De même, les décisions prises par l’Union européenne et le FMI pour l’octroi d’une aide exceptionnelle de près de 3 milliards de dinars constituent un important appui aux efforts de riposte à l’épidémie déployés par la Tunisie.
Estimation économétrique
L’étude élaborée conjointement par le ministère de l’Economie, des Finances et de l’Investissement et le Pnud, publiée en juin dernier, présente «une estimation économétrique de l’impact du Covid-19 sur l’économie tunisienne et plus particulièrement sur les micro-entreprises en termes de fragilités financières ainsi que sur les ménages en termes d’aggravation de la pauvreté.
Les principales conclusions tirées de cette étude s’articulent autour de la croissance économique évaluée initialement dans le cadre de la loi des finances 2020 à + 2.7% , devenue négative et se situant aux alentours de – 4.4% sous le double effet de la baisse de l’offre en relation avec la quasi-paralysie de l’appareil de production tout au long de la période de confinement et de la chute des différentes composantes de la demande finale ( investissement, consommation des ménages et exportations).
Les secteurs les plus impactés par la crise sanitaire auraient été ceux des industries non manufacturières, des textiles et de l’habillement, du tourisme ainsi que des transports.
Par ailleurs, les recettes propres du budget de l’Etat subissent de plein fouet les contrecoups de la forte baisse de l’activité économique. Les recettes au titre des impôts indirects ne progresseraient que de 1.5% contre une prévision initiale de + 11.3% ; les recettes au titre des impôts directs baisseraient de 0.9% contre une prévision initiale de 7.7%. Cela entraînerait une moins-value de plus de 2.700 millions de dinars correspondant à plus de 2 .5% du PIB.
Les échanges extérieurs enregistreraient une forte contraction, plus accentuée au niveau des importations (-9.6%) par rapport à celle des exportations (- 8%), entraînant une baisse du déficit de la balance des biens et services de près de 1.5 milliard de dinars comparativement aux prévisions initiales (13.8 milliards de DT).

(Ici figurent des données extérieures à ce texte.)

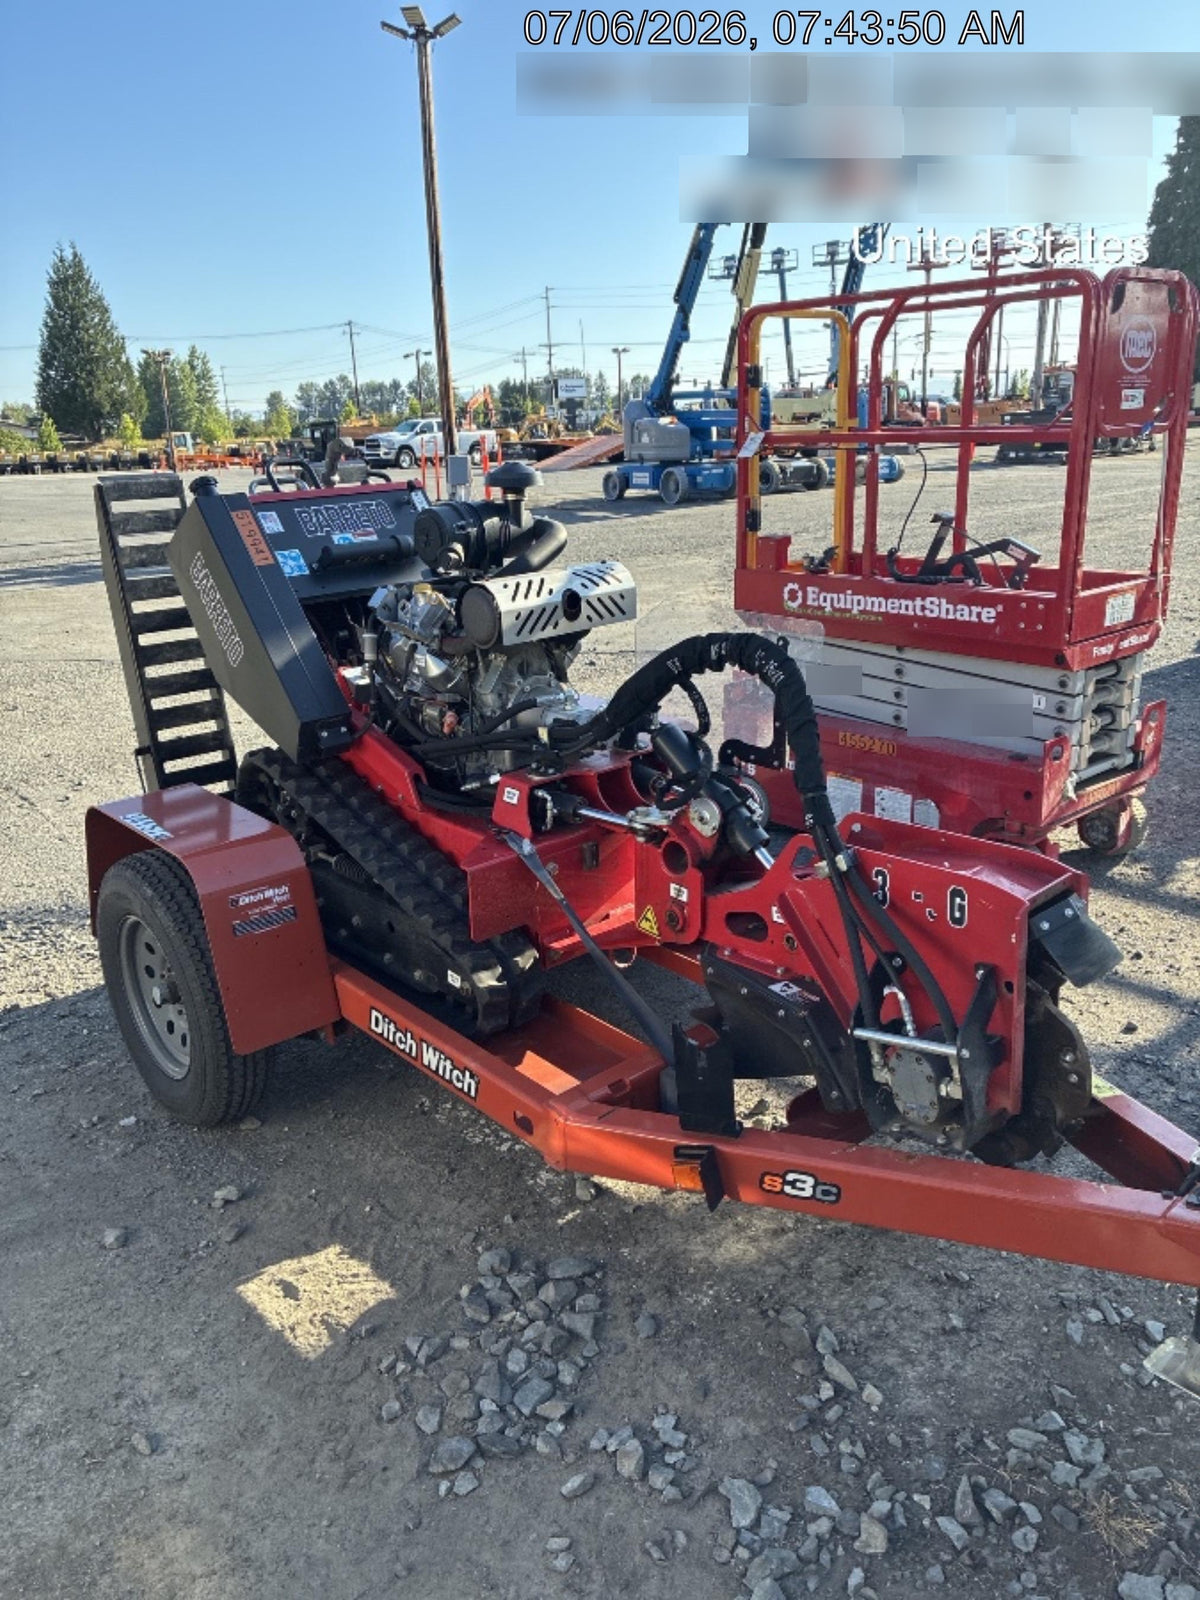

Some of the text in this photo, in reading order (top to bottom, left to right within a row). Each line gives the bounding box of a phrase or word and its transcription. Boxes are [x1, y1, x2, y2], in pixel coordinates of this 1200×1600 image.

[294, 499, 397, 538] BARRETO
[189, 552, 245, 668] BARRETO
[806, 586, 999, 624] EquipmentShare
[369, 1006, 479, 1100] Ditch Witch

Concernant le chômage, il a augmenté fortement, en l’absence de mesures de relance significatives pour atteindre le taux record de 21.6% de la population active en augmentation de plus de 6 points et de 275 000 chômeurs environ par rapport à 2019. « Cela porterait le total de la population active inoccupée à près de 900 mille rendant la situation sociale encore beaucoup plus difficile dans les régions ».
De même pour la pauvreté dont le taux est passé à 19,2% contre 15,2% auparavant, touchant les revenus d’environ 475 000 individus en dessous du seuil de la pauvreté alors que le taux de la pauvreté extrême augmenterait également suite à la pandémie du Covid-19 à 3,9% contre 2,8% auparavant.